Matteo Malvestiti, Exotic Category Manager for Fratelli Santini, personally curated this line, which includes pineapples, mangoes, avocados, papayas and increasingly popular products like limes and ginger.
The leading product is pineapples, followed by avocados and mangoes. They are available 12 months a year and demand is increasing. 70% of the produce is destined to retailers, while the rest goes to wholesale markets.
Shipments by sea reach Rotterdam, but demand of produce shipped by air is increasing. According to Malvestiti, there are no logistic limits for a growth of the air-shipped exotic fruit sector. "We are flexible and can receive goods in different airports, including Malpensa, Madrid, Paris and Frankfurt. People are increasingly asking for fruit that is riper, which of course also means it tastes better."
Another evident trend is the fact that new countries are becoming suppliers. "Just think about avocados: up until a few years ago, there were just Israel, South Africa and Spain. Now there are Peru and Colombia as well. Countries of origin have diversified for pomegranates too, so much so that now it is only transport costs that make the difference. All these new actors are in fact very much prepared when it comes to certifications and very dynamic as regards investments in new varieties."
This is the case with blueberries, as Peru is growing quickly and causing a few problems to Argentina too. According to the expert, the risk is actually that of a surplus of supply.Above: single-fruit tray + flowpack. Below: packets ready for the market.
Another new protagonist is Colombia, where government policies allowed for the replacement of cocaine plantations with passion fruit, mangosteen and bladder cherries (physalis peruviana).
As regards avocados, Fratelli Santini mainly imports the "green skin" and green Hass varieties. In the future, the company will get equipped with a Hass ripening facility.
Limes come from Mexico and Brazil (one container a week) while mangoes come from Brazil and Peru, where Fratelli Santini signed agreements with medium-small yet very professional companies.
The season of Peruvian mangoes shipped by air has just started and volumes should increase from Christmas onward. "Consumption of mangoes shipped by sea is dropping. We must admit that, despite the economic crisis, buyers are realising they need to spend more to eat well. Italians are buying more, especially since the population of different ethnicity has their own procurement channels."

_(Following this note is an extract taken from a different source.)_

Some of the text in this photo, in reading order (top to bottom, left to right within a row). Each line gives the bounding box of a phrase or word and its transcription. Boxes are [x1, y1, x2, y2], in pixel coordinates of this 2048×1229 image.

The consumption of Formosa papayas is increasing compared to the traditional Golden varieties. The produce is available all year round thanks to the contracts stipulated in Brazil.

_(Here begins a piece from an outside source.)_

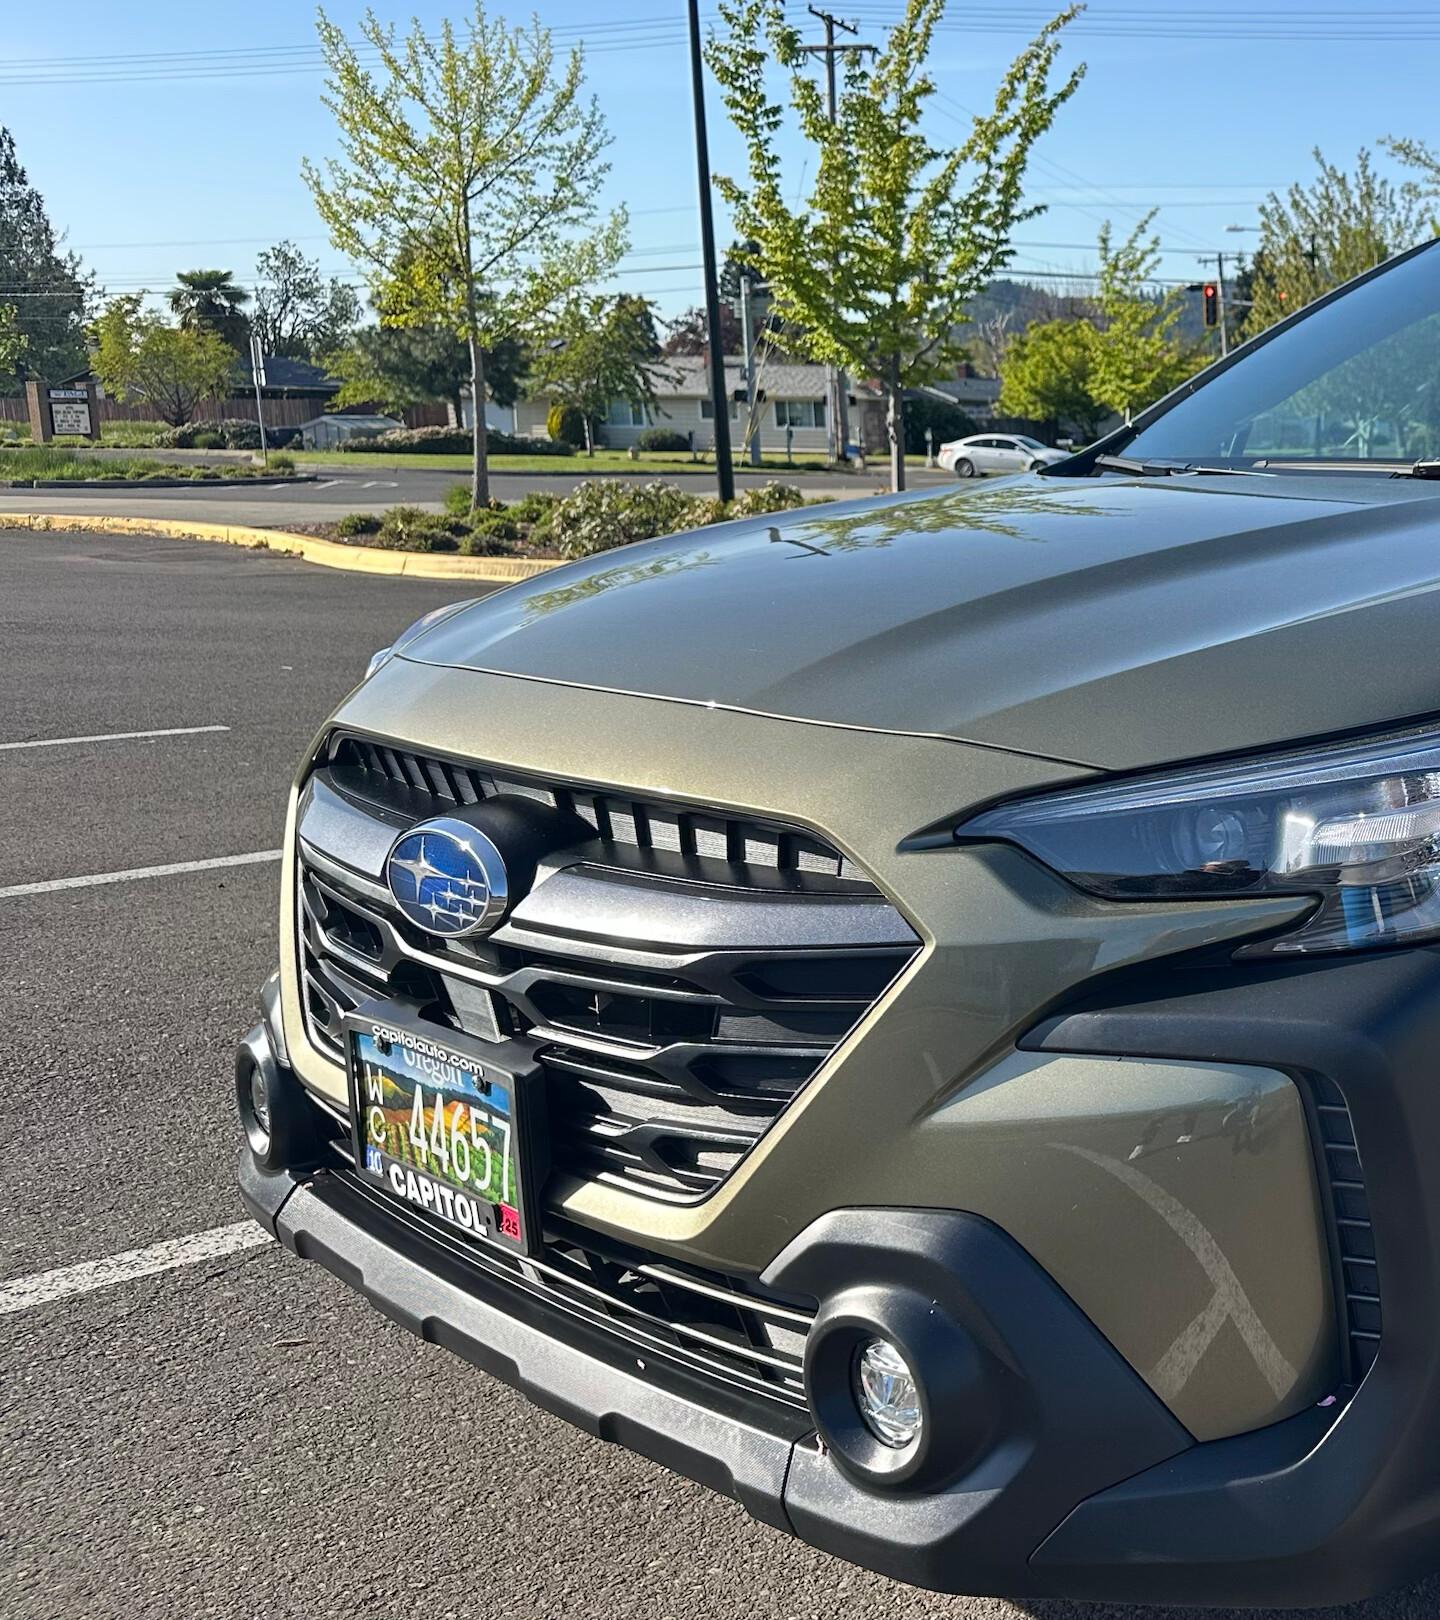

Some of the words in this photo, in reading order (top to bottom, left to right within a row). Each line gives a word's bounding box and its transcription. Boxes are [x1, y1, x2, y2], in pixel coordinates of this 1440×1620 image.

[372, 1025, 484, 1077] capitolauto.com
[403, 1048, 464, 1089] Oregon
[409, 1084, 511, 1202] 44657
[389, 1163, 488, 1237] CAPITOL

Left: Malvestiti in a Brazilian plantation. Right: the product.
80% of ginger comes instead from China.
The company also imports counterseasonal fruit such as cherries from Canada or Chile.

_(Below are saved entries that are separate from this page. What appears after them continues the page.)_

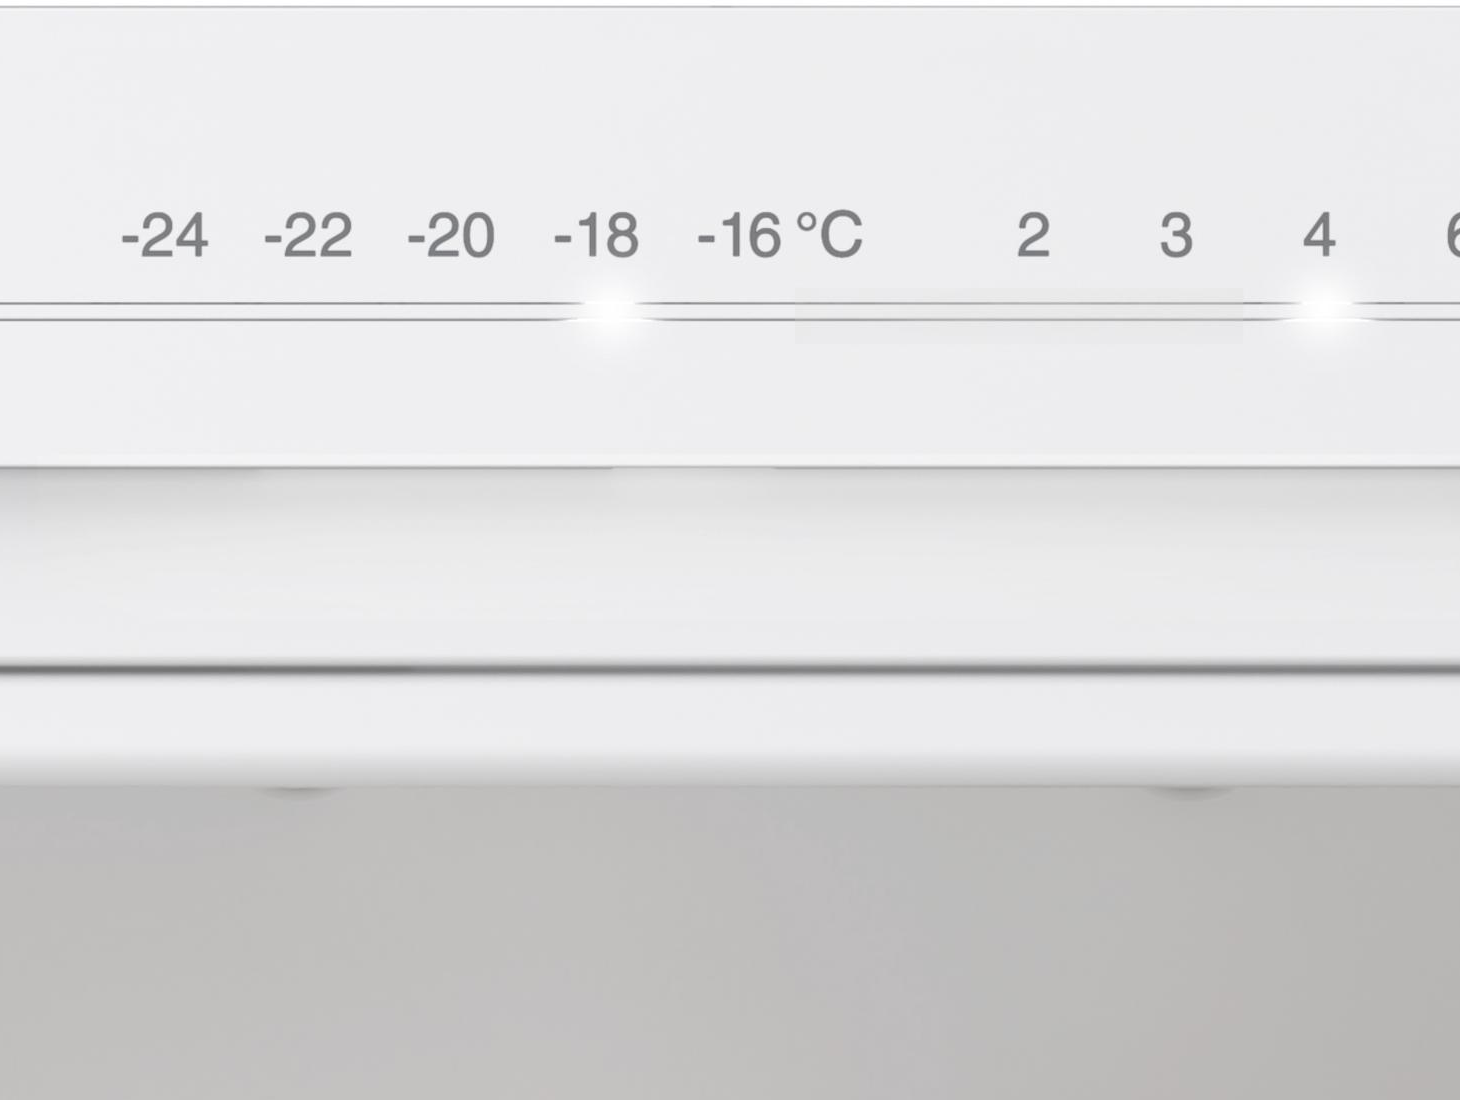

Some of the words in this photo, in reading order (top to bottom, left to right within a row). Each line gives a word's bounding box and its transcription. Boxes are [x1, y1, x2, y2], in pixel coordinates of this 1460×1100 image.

[121, 211, 209, 258] -24
[264, 211, 352, 258] -22
[407, 211, 495, 259] -20
[554, 211, 639, 259] -18
[697, 211, 782, 259] -16
[796, 208, 863, 259] °C
[1017, 211, 1050, 258] 2
[1160, 211, 1193, 259] 3
[1303, 211, 1337, 257] 4

"Clearly, the volume of exotic and counterseasonal fruit we handle on the Italian market is much lower than other destination countries such as US and China. The EU still remains a historic client and is reliable for exporters from the southern hemisphere. Still, we need to realise that China has the largest import volumes, so everybody is interested in it."
"Our country is doing fine as it carries out strict selections on quality so as to stand out against competitors. The professionalism of the entire chain is essential for this. High quality justifies higher prices, otherwise it wouldn't make sense to enter a market filled with other players."